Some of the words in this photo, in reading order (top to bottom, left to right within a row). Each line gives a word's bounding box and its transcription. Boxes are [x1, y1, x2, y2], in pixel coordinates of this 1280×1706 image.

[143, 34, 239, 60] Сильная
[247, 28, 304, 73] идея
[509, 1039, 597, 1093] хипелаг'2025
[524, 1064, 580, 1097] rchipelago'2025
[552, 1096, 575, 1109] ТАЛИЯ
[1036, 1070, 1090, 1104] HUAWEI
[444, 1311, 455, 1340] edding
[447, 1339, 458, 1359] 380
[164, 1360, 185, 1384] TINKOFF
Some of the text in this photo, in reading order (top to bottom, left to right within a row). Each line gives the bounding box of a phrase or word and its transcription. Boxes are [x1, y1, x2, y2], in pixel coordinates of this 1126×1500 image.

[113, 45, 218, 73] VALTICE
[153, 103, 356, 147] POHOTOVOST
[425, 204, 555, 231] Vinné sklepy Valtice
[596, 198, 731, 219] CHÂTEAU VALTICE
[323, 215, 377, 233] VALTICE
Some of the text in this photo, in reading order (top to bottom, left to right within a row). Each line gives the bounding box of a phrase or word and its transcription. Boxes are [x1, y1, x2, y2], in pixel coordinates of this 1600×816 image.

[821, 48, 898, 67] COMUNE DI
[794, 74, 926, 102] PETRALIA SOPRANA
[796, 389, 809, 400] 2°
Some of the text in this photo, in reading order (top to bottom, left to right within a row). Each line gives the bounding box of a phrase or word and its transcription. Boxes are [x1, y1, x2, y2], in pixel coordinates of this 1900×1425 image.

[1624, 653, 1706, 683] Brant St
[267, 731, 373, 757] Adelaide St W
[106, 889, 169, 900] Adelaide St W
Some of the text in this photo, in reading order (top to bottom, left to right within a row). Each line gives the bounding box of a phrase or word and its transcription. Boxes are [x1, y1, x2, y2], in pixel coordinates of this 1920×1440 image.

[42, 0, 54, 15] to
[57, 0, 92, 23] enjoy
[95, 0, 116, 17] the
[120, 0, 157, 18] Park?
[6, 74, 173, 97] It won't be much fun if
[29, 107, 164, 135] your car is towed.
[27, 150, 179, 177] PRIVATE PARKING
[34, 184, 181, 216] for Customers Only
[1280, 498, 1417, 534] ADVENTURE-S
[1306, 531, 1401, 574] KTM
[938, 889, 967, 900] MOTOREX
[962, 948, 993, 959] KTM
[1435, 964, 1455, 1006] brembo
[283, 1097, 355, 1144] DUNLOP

TASK:
Your answer should be the line with "this 1900×1425 image." and all lines after it in the listing above, repeated exactly. No other lines belong.

ANSWER TO THE EXERCISE:
Some of the text in this photo, in reading order (top to bottom, left to right within a row). Each line gives the bounding box of a phrase or word and its transcription. Boxes are [x1, y1, x2, y2], in pixel coordinates of this 1900×1425 image.

[1624, 653, 1706, 683] Brant St
[267, 731, 373, 757] Adelaide St W
[106, 889, 169, 900] Adelaide St W
Some of the text in this photo, in reading order (top to bottom, left to right within a row). Each line gives the bounding box of a phrase or word and its transcription. Boxes are [x1, y1, x2, y2], in pixel coordinates of this 1920×1440 image.

[42, 0, 54, 15] to
[57, 0, 92, 23] enjoy
[95, 0, 116, 17] the
[120, 0, 157, 18] Park?
[6, 74, 173, 97] It won't be much fun if
[29, 107, 164, 135] your car is towed.
[27, 150, 179, 177] PRIVATE PARKING
[34, 184, 181, 216] for Customers Only
[1280, 498, 1417, 534] ADVENTURE-S
[1306, 531, 1401, 574] KTM
[938, 889, 967, 900] MOTOREX
[962, 948, 993, 959] KTM
[1435, 964, 1455, 1006] brembo
[283, 1097, 355, 1144] DUNLOP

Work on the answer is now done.